TOR:雷帕霉素靶蛋白 target of rapamycin; IGF-1:类胰岛素生长因子-1 insulin-like growth factors-1。

血液指标是衡量鱼类健康状态的一个重要指标[37]。AST和ALT主要存在于心脏和肝脏组织中，其活性高低可以反映出动物对蛋白质合成和分解的能力，同时AST和ALT是反映动物肝脏运作状态的重要代谢酶，其活性较高时可作为衡量肝脏的损伤与否及损伤程度的指标[38-40]。石泽[41]、Ndazigaruye等[42]研究表明，饲料中添加蛋白酶对建鲤和肉鸡的血清ALT、AST活性无显著影响。本研究显示，添加蛋白酶后血清AST、ALT活性显著下降，与建鲤和肉鸡的研究结果不同，可能与蛋白酶理化性质不同和物种不同有关。本研究说明添加蛋白酶对大口黑鲈肝功能有一定保护作用。LFM和LFM+E4500组血浆AKP活性较高，但各组血浆TBA含量没有显著差异，说明各组并未显示明显胆汁淤积症表型。

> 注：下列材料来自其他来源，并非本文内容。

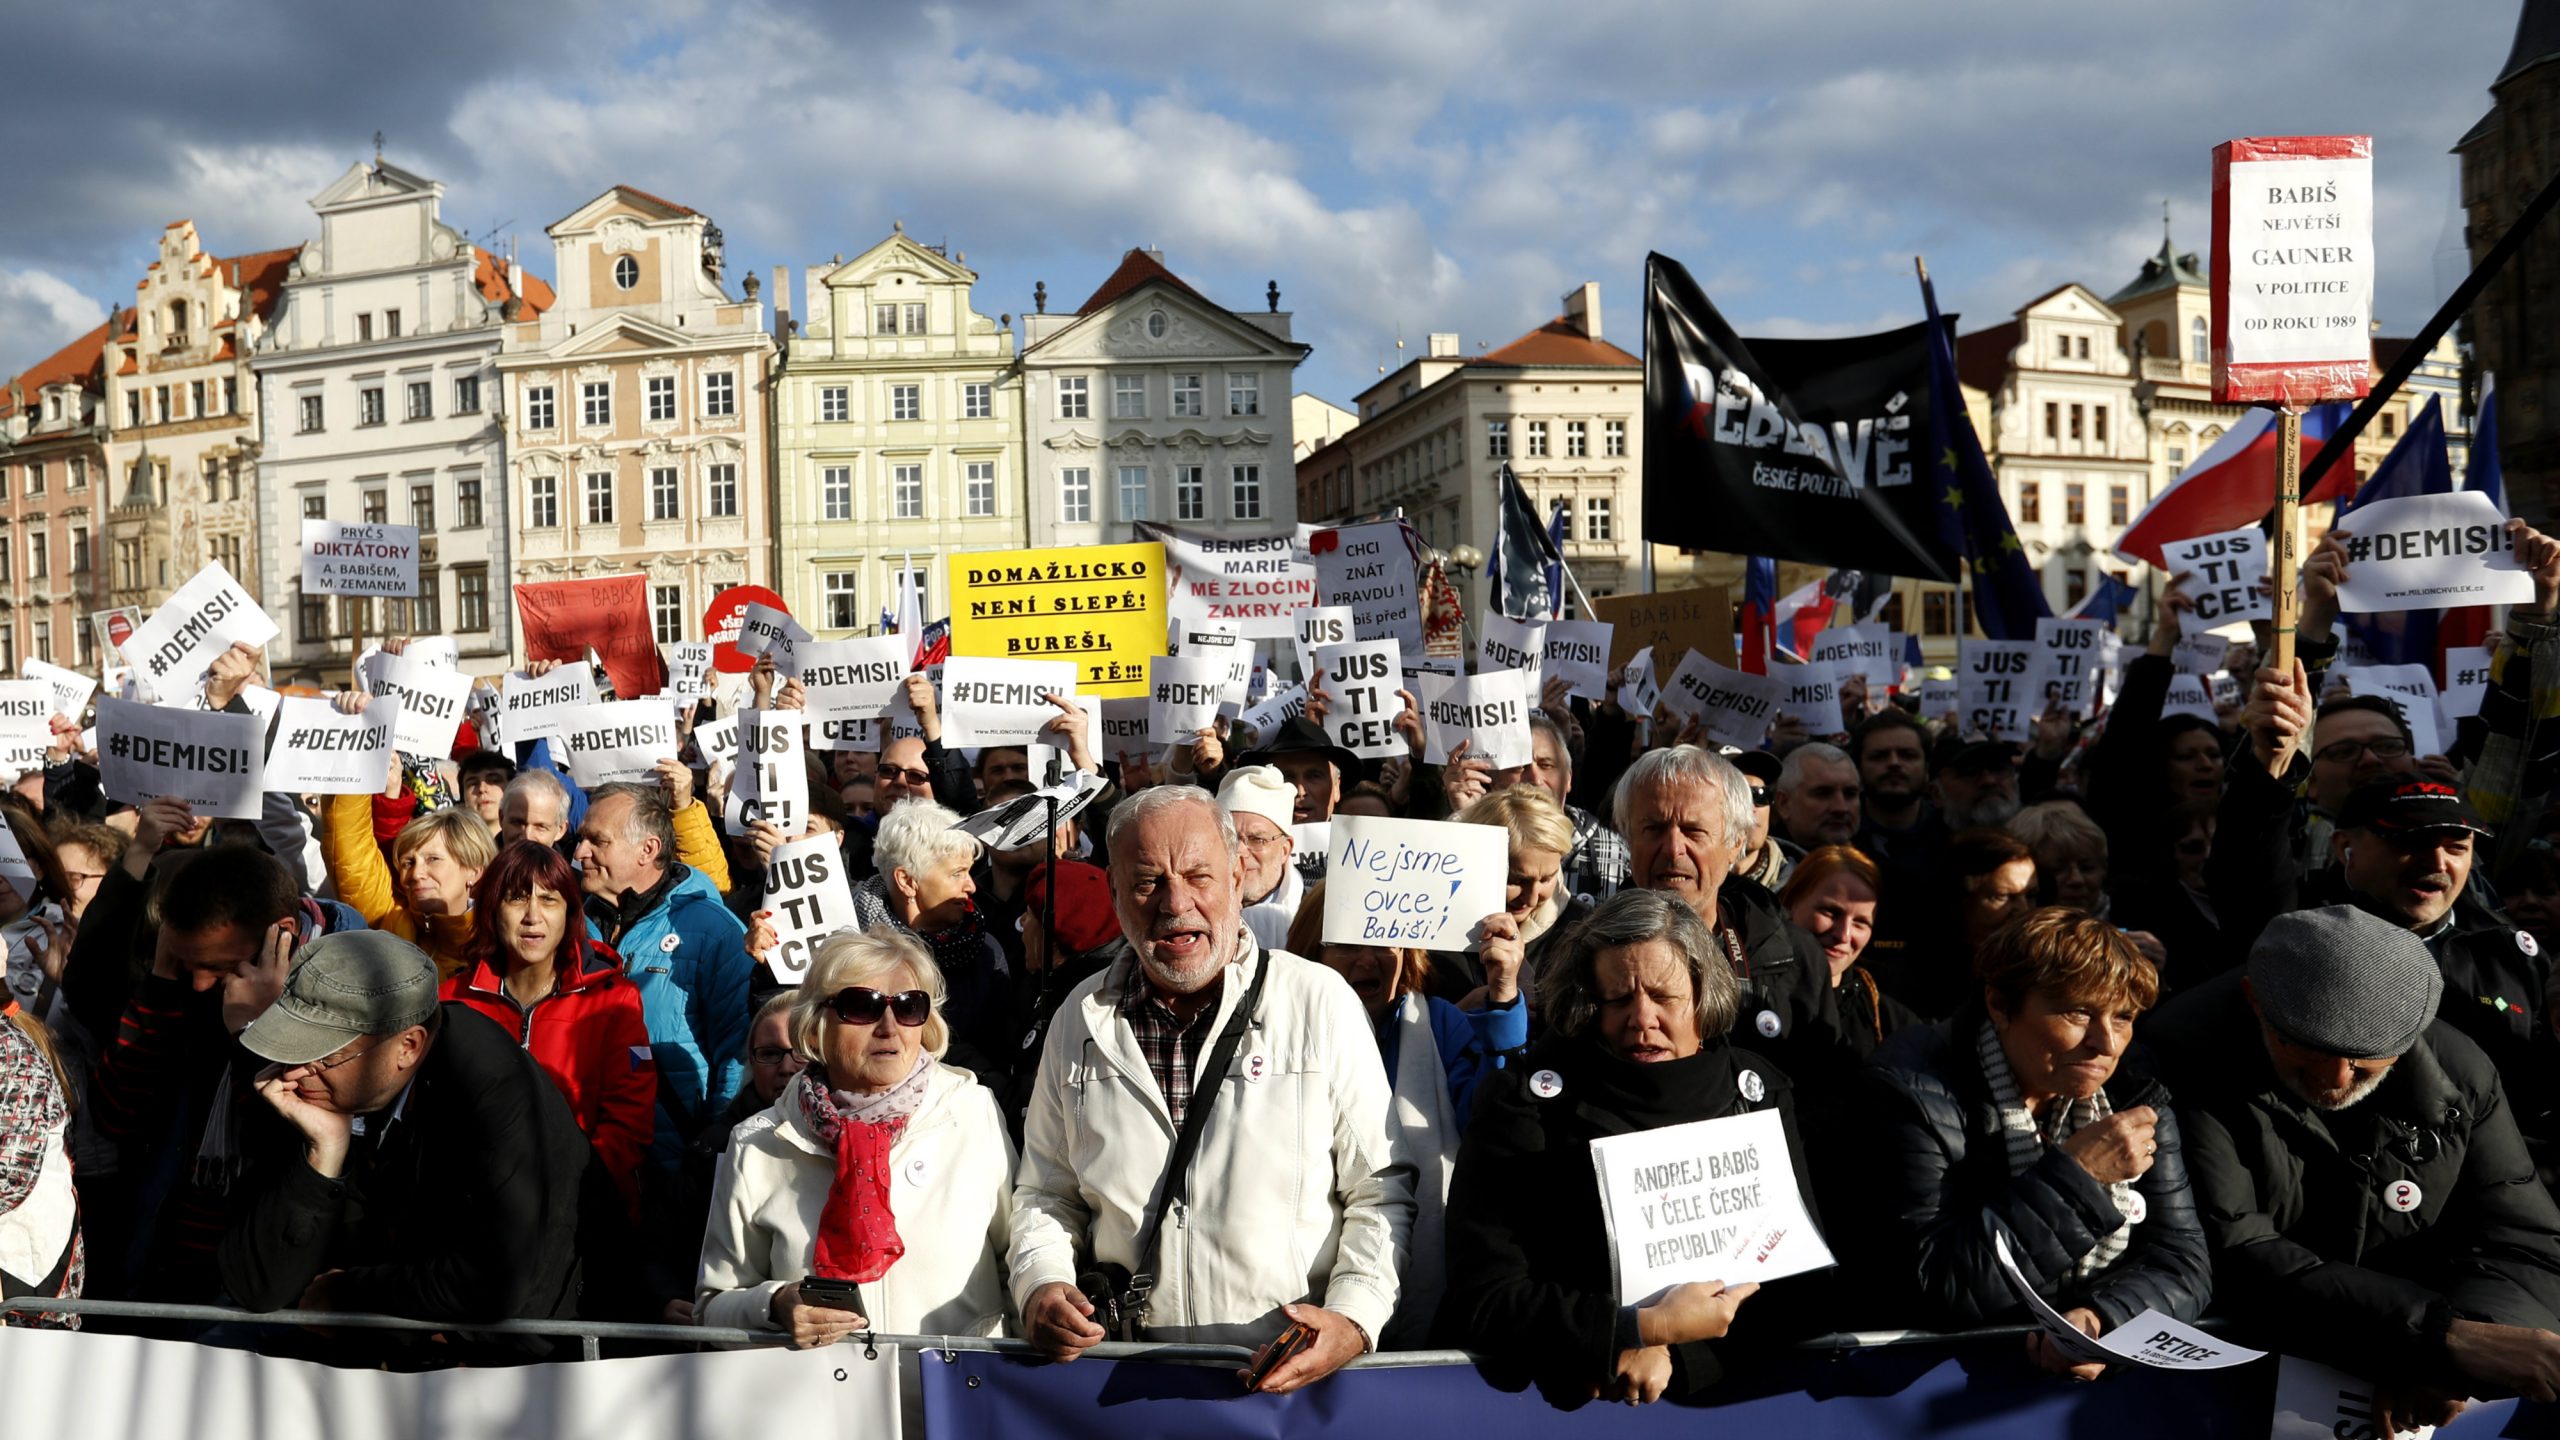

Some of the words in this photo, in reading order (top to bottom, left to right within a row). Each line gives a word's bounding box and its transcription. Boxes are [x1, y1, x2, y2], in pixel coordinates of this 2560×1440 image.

蛋白酶是蛋白质代谢过程中非常重要的一类消化酶，能催化分解肽键，将大分子的蛋白质降解为蛋白胨、肽和氨基酸等小分子的营养物质，从而促进蛋白质的消化，提高动物对蛋白质的消化率和饲料利用率[43]。在对中华草龟[44]、虹鳟[45]、吉富罗非鱼[18]和鲤鱼[33]等的研究表明，饲料中添加中性蛋白酶可以显著提高肠道蛋白酶活性。本研究显示，饲料中添加4 500和7 500 U/kg蛋白酶可以显著提高大口黑鲈前、后肠蛋白酶含量，与上述研究结果一致。其作用机理可能是饲料中添加外源性蛋白酶可以水解蛋白质类抗营养因子，提高蛋白质的消化率[46-47]，并且能促进鱼体内源性蛋白酶的分泌，从而提高大口黑鲈肠道蛋白酶活性，内外协同提高鱼体对蛋白质的消化吸收能力[22]。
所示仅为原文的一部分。